*** Material supplied

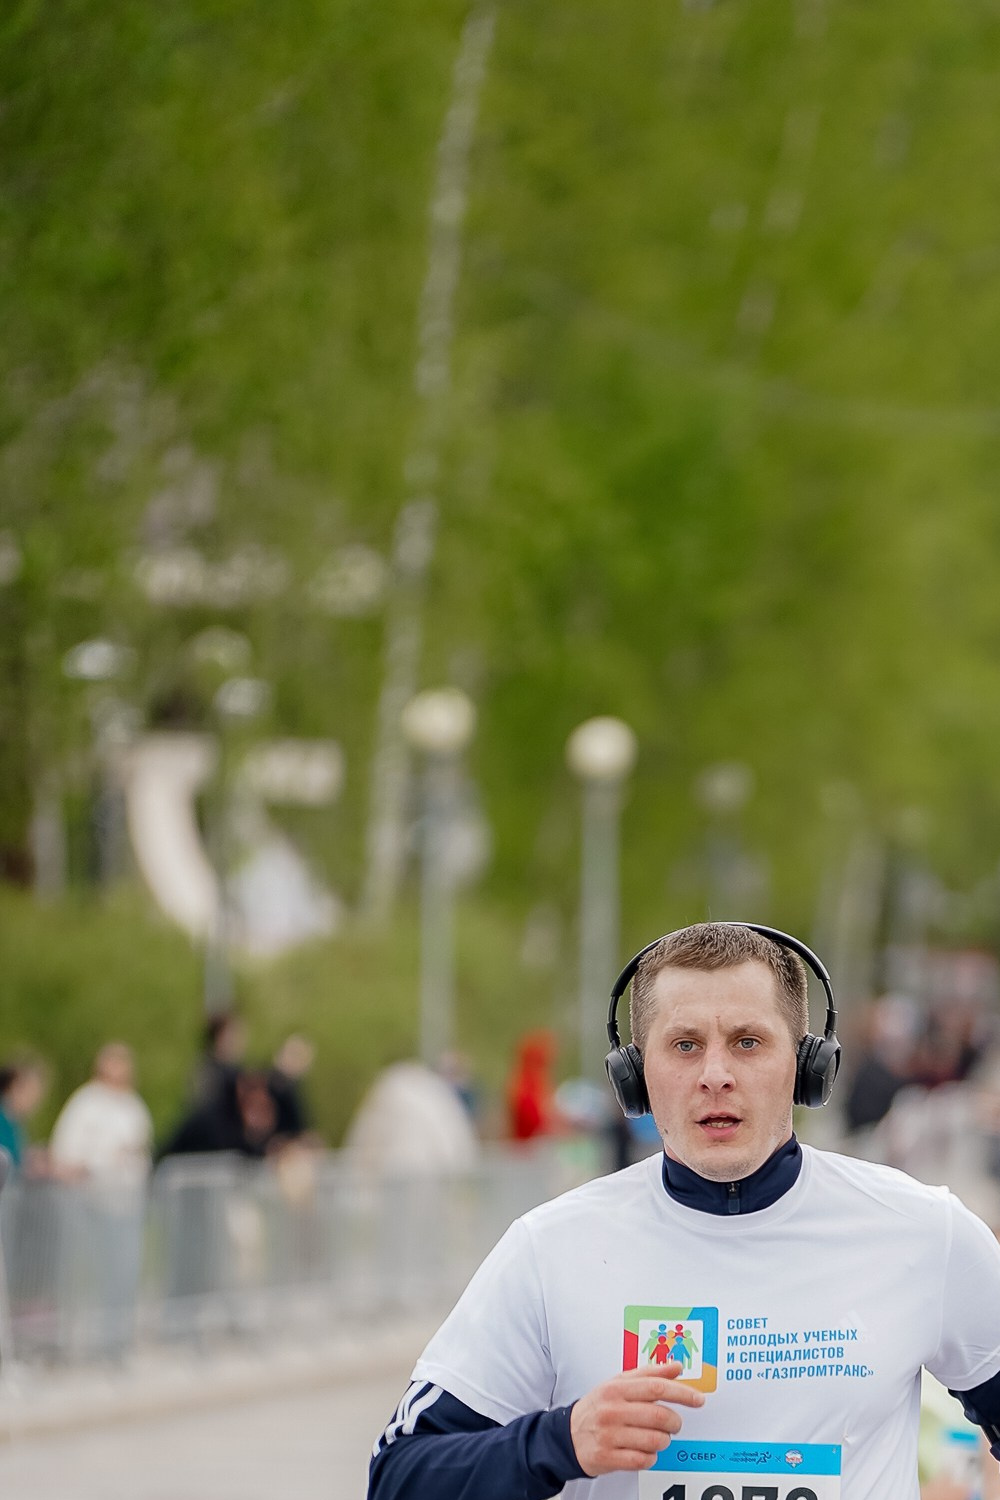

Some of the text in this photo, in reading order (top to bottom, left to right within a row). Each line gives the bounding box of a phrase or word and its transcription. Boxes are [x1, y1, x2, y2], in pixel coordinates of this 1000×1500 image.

[726, 1317, 769, 1330] СОВЕТ
[726, 1329, 858, 1347] МОЛОДЫХ УЧЕНЫХ
[726, 1347, 845, 1364] И СПЕЦИАЛИСТОВ
[725, 1364, 875, 1382] ООО «ГАЗПРОМТРАНС»
[690, 1452, 717, 1461] СБЕР

******

**Task instructions**
Any pictures above are to be left out. Retype the rest of the records exactly.

**Solution for this task**
Some of the text in this photo, in reading order (top to bottom, left to right within a row). Each line gives the bounding box of a phrase or word and its transcription. Boxes are [x1, y1, x2, y2], in pixel coordinates of this 1000×1500 image.

[726, 1317, 769, 1330] СОВЕТ
[726, 1329, 858, 1347] МОЛОДЫХ УЧЕНЫХ
[726, 1347, 845, 1364] И СПЕЦИАЛИСТОВ
[725, 1364, 875, 1382] ООО «ГАЗПРОМТРАНС»
[690, 1452, 717, 1461] СБЕР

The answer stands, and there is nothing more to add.